DATASET ->
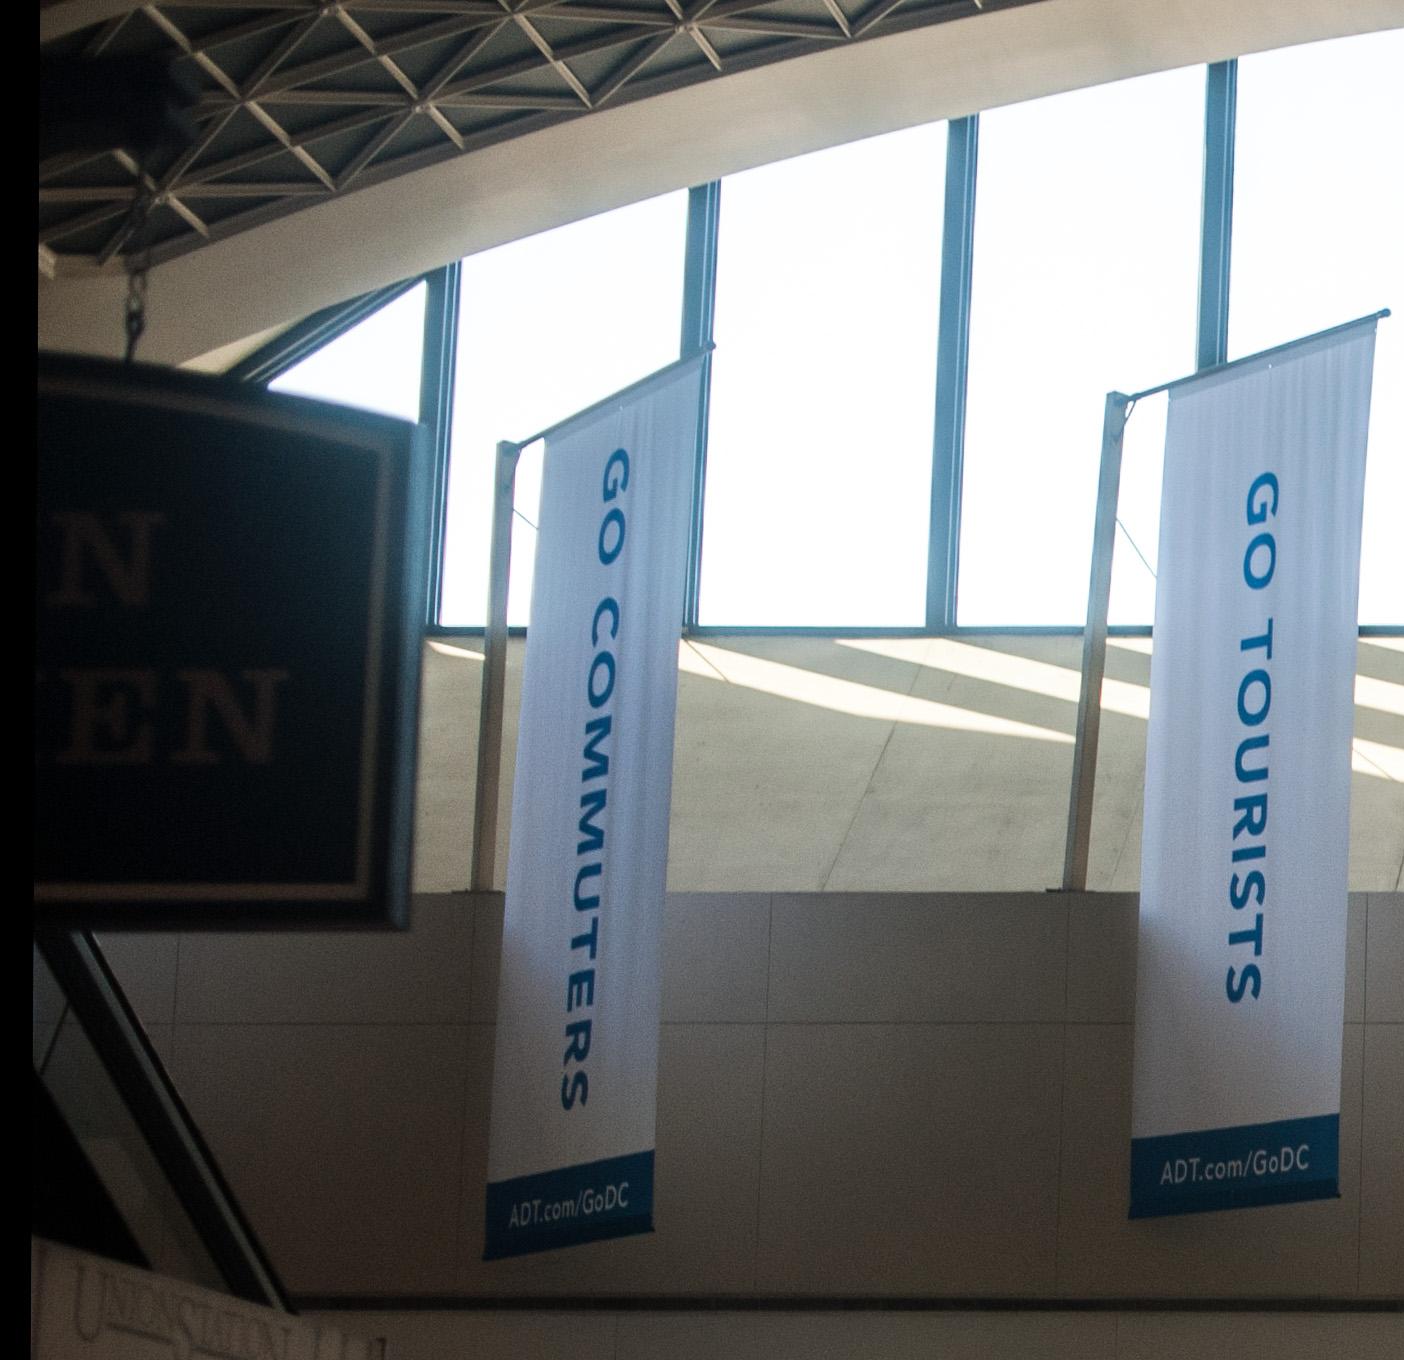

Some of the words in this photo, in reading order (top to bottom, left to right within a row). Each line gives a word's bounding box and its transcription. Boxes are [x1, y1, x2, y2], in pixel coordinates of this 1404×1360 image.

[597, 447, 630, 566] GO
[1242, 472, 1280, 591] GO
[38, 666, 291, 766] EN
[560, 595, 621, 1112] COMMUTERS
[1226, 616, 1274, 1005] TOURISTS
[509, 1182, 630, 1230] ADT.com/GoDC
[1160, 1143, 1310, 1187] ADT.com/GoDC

TASK PROMPT ->
Return every line of the records exactly as given, pictures excluded.

SOLUTION TO THIS EXERCISE ->
Some of the words in this photo, in reading order (top to bottom, left to right within a row). Each line gives a word's bounding box and its transcription. Boxes are [x1, y1, x2, y2], in pixel coordinates of this 1404×1360 image.

[597, 447, 630, 566] GO
[1242, 472, 1280, 591] GO
[38, 666, 291, 766] EN
[560, 595, 621, 1112] COMMUTERS
[1226, 616, 1274, 1005] TOURISTS
[509, 1182, 630, 1230] ADT.com/GoDC
[1160, 1143, 1310, 1187] ADT.com/GoDC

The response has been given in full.